The electrophysiological signatures of the myocardium in cardiac structures, such as the atrioventricular node, pulmonary veins or the right ventricular outflow tract, are established during development by the spatial and temporal expression of transcription factors that guide expression of specific ion channels. Genome-wide association studies have shown that small variations in genetic regions are key to the expression of these transcription factors and thereby modulate the electrical function of the heart. Moreover, mutations in these factors are found in arrhythmogenic pathologies such as congenital atrioventricular block, as well as in specific forms of atrial fibrillation and ventricular tachycardia.
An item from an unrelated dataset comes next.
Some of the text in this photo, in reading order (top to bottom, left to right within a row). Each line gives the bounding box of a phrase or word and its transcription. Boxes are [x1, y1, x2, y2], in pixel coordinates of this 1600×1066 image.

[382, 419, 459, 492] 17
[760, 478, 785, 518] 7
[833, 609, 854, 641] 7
In this review, we discuss the developmental origin of distinct electrophysiological structures in the heart and their involvement in cardiac arrhythmias.
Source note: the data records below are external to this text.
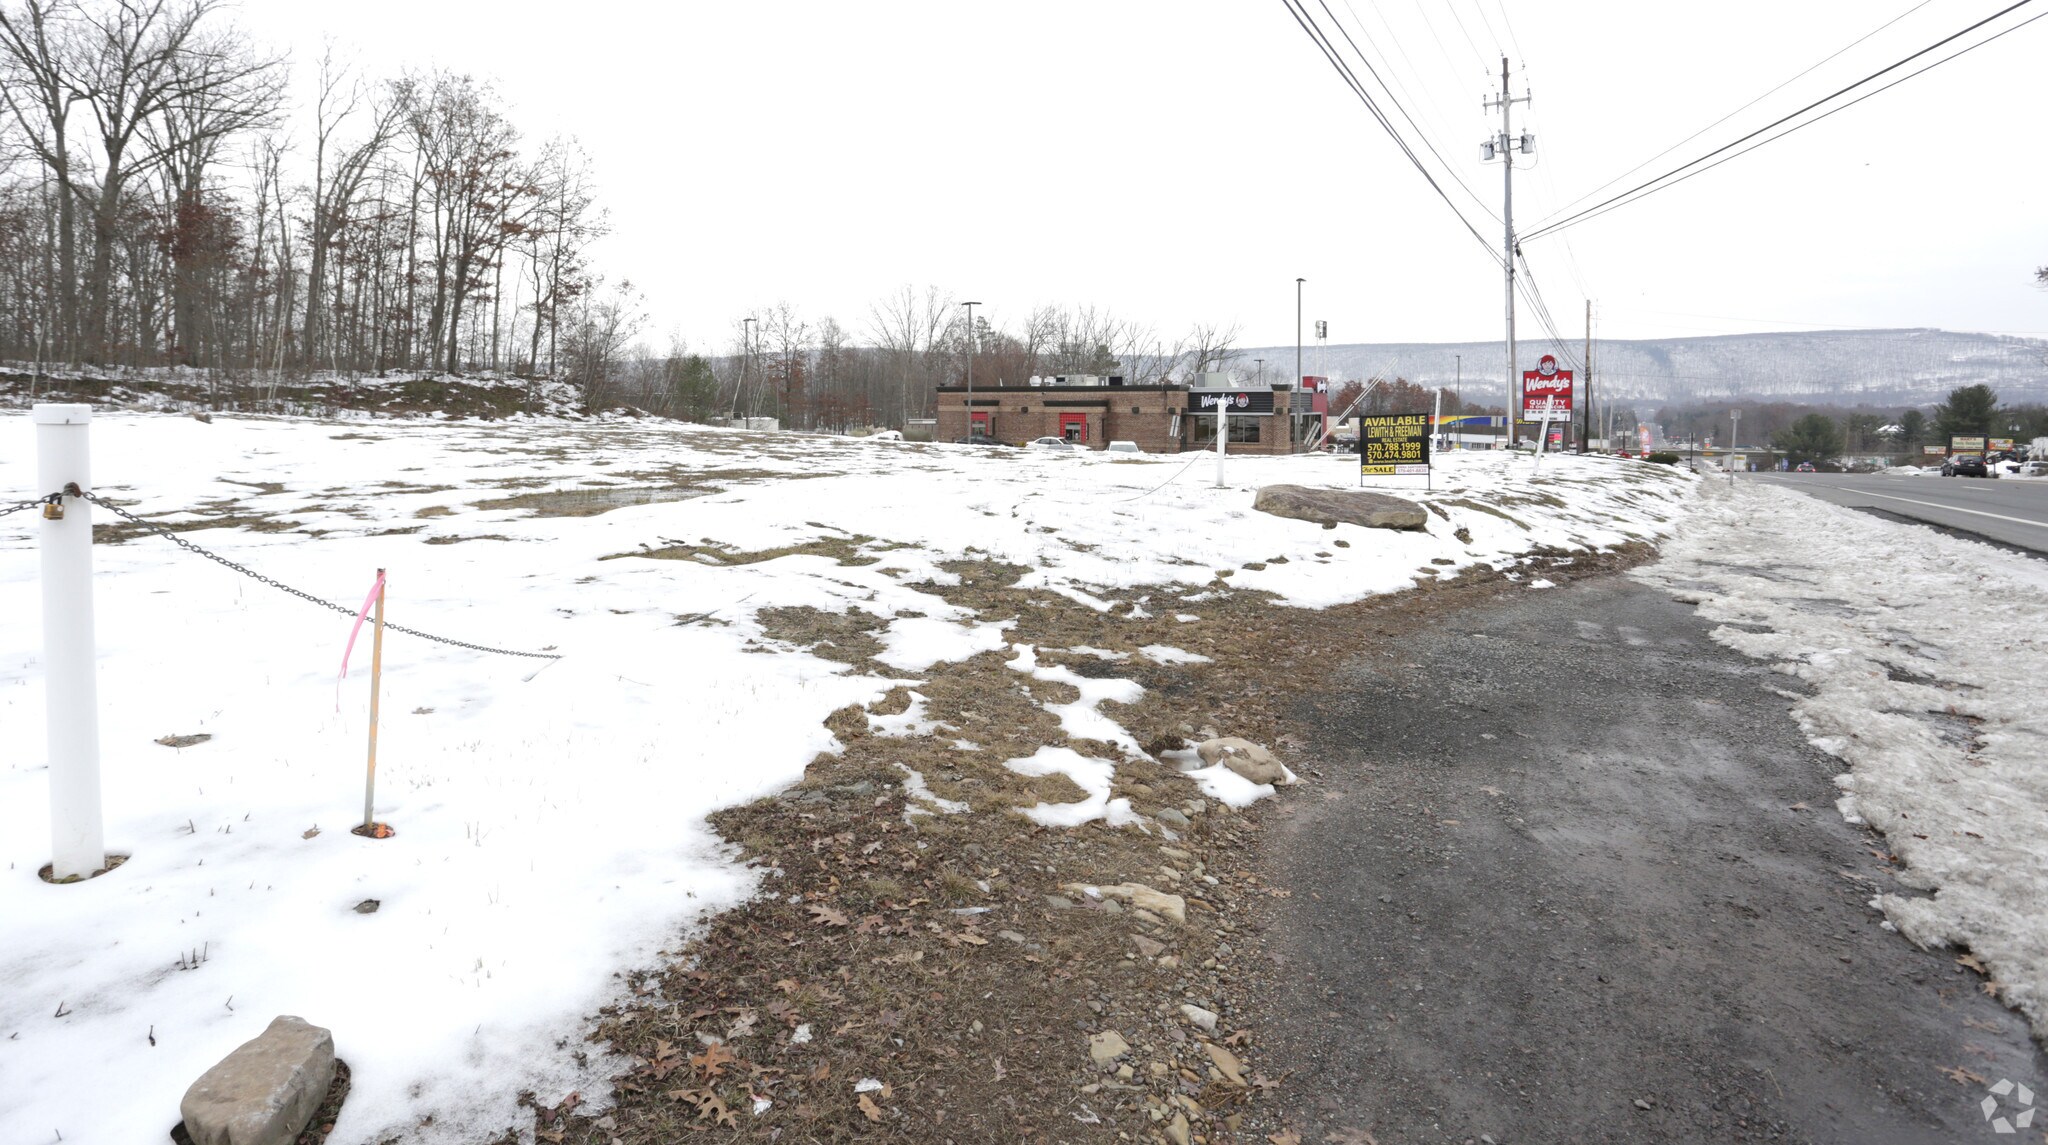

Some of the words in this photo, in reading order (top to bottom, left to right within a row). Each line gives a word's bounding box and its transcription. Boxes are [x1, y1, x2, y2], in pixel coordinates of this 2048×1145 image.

[1526, 375, 1570, 392] Wendy's
[1364, 416, 1425, 427] AVAILABLE
[1367, 426, 1389, 438] LEWITH
[1389, 426, 1395, 438] &
[1395, 425, 1422, 437] FREEMAN
[1367, 442, 1421, 451] 570.788.1999
[1367, 450, 1421, 459] 570.474.9801
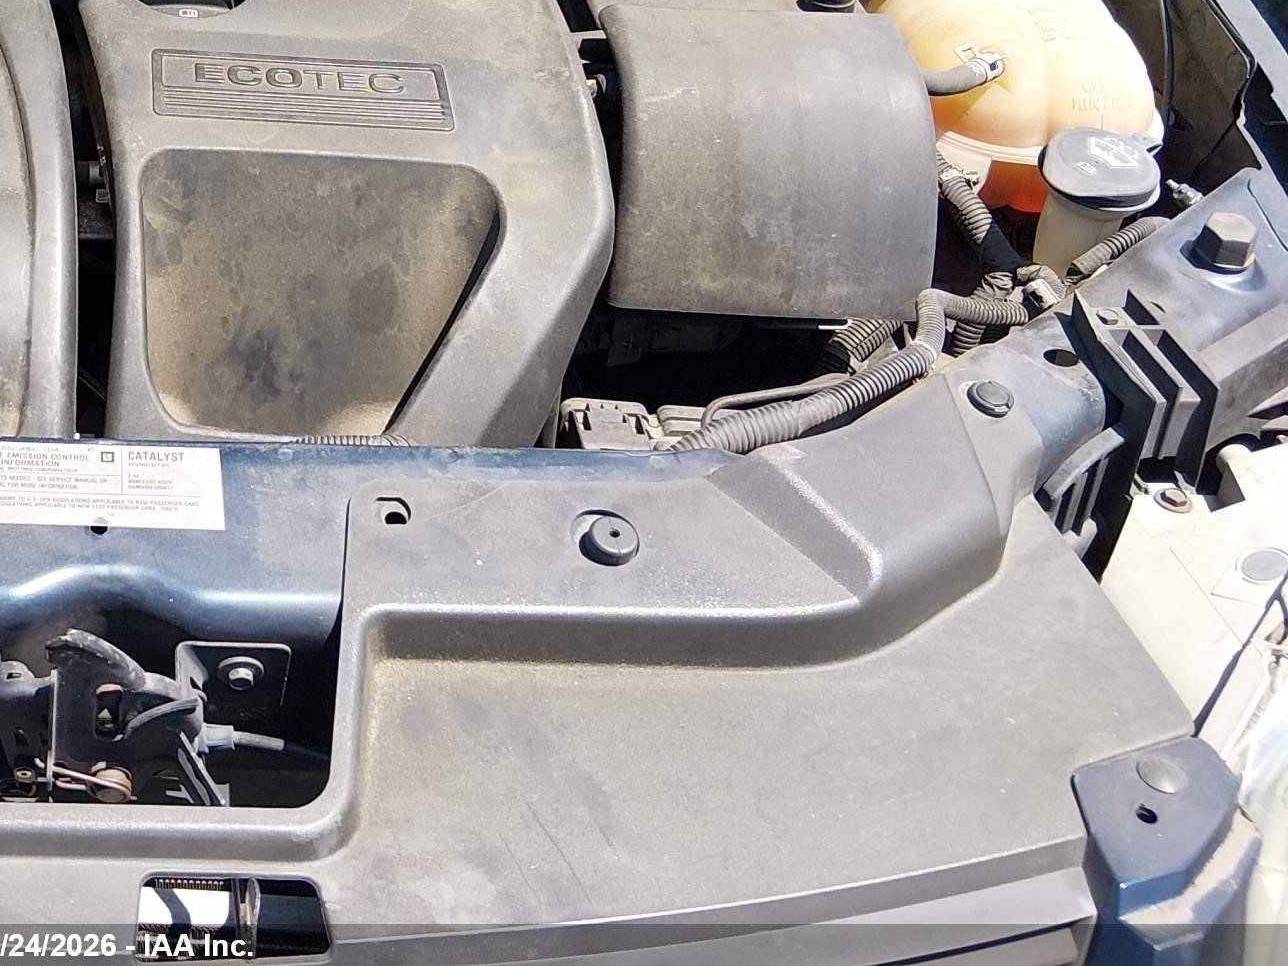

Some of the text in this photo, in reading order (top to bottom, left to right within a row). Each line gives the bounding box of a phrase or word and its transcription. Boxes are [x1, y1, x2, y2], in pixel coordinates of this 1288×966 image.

[194, 62, 405, 94] ECOTEC
[7, 452, 48, 460] EMISSION
[50, 454, 89, 462] CONTROL
[128, 451, 184, 462] CATALYST
[0, 459, 60, 467] INFORMATION
Keywords: arrhythmias; cardiac development; re-entry; transcription factors.

Figure 1

The electrocardiogram of the developing heart. The photographs are scanning electron microscope images of the developing chicken heart of the following stages: from left to right, Hamburger/Hamilton state 11, 14 and 18 correspond to 3, 4 and 5 weeks of human development, respectively. The electrocardiograms are recorded from different chickens of similar developmental stages to the corresponding photographs. These figures are courtesy of S. Virágh and G. Steding. Ap, arterial pole; vp, venous pole; V, ventricle; oft, outflow tract; avc, atrioventricular canal; A, atrium.

Figure 2

Phenotypes of the embryonic and adult heart (A). The embryonic myocytes in the early heart tube possess a phenotype typical for the conduction system with a high automaticity and a low conduction velocity, contractility, and sarcoplasmic reticulum activity. (B). The chambers balloon out from the initial heart tube and immediately initiate a fast conducting working myocardial phenotype. The myocardium at the venous pole, and the region interposed between the developing chambers, the atrioventricular canal, initially retains the conduction system phenotype and will form the cardiac conduction system. ra, right atria; la, left atria; oft, outflow tract; rv, right ventricle; lv, left ventricle.

Figure 3

Distribution of drivers (focal breakthroughs, asterisk; reentry events, curved arrows) in three regions is reported as the percentage of patients (Redrawn from [40]). The pink area indicates the continuum of the left atrial dorsal wall and pulmonary veins after incorporation (for explanation see text). Note that ectopic foci are nearly absent in the roof of the left atrium.

Figure 4

Atrioventricular junction and impulse propagation (A). Schematic representation of the different components of the atrioventricular junction (Inspired by [53,70]). Note that lower nodal cells share a common origin with the His bundle cells. (AV: atrioventricular) (B). In normal hearts, the electric impulses initiated by pacemaker cells in the sinoatrial node propagate through the atrial myocardium and trigger its contraction. At the atrioventricular node, the impulses are delayed for a period to facilitate alternating contraction of the atrial and ventricular myocardium. After the atrioventricular delay, the electrical impulses rapidly travel to the ventricular myocardium via the His-Purkinje system and stimulate the ventricular myocardium. In Notch1-activated and Tbx2-deficient hearts, accessory pathways are formed as a result of malformation of the atrioventricular canal myocardium, commonly right-sided in Notch1-activated mice and left-sided in Tbx2-deficient mice. Because of faster conduction through the accessory pathways than through the atrioventricular node, the ventricular myocardium is prematurely stimulated (preexcitation). The ECG shows a short PR interval, a slurred upstroke (“delta wave”) of the QRS complex and a widened QRS complex.

Figure 5

Developmental basis for RVOT arrhythmias. The adult RVOT has formed from the embryonic outflow tract (left), which is composed primary of myocardium exhibiting slow conduction and spontaneous activity. During development, the embryonic outflow tract acquires a working myocardial phenotype, e.g., fast conduction, and transforms into the RVOT. A small ring of primary myocardium, however, still remains just below the pulmonary valve, which may give rise to automaticity as seen in patients with idiopathic RVOT tachycardia. The myocardium of the free wall and septum of the adult RVOT has a working myocardial phenotype, although expression of Cx43 is lower than in the right ventricle. This may set the stage for re-entrant-based arrhythmias as seen in patients with the Brugada syndrome. Modified from [100] LV, left ventricle; RV, right ventricle; OFT, outflow tract; RVOT, right ventricular outflow tract; AO, aorta; PT, pulmonary trunk; LVOT, left ventricular outflow tract; Ca, calcium; EAD, early after depolarization; DAD, delayed after depolarization.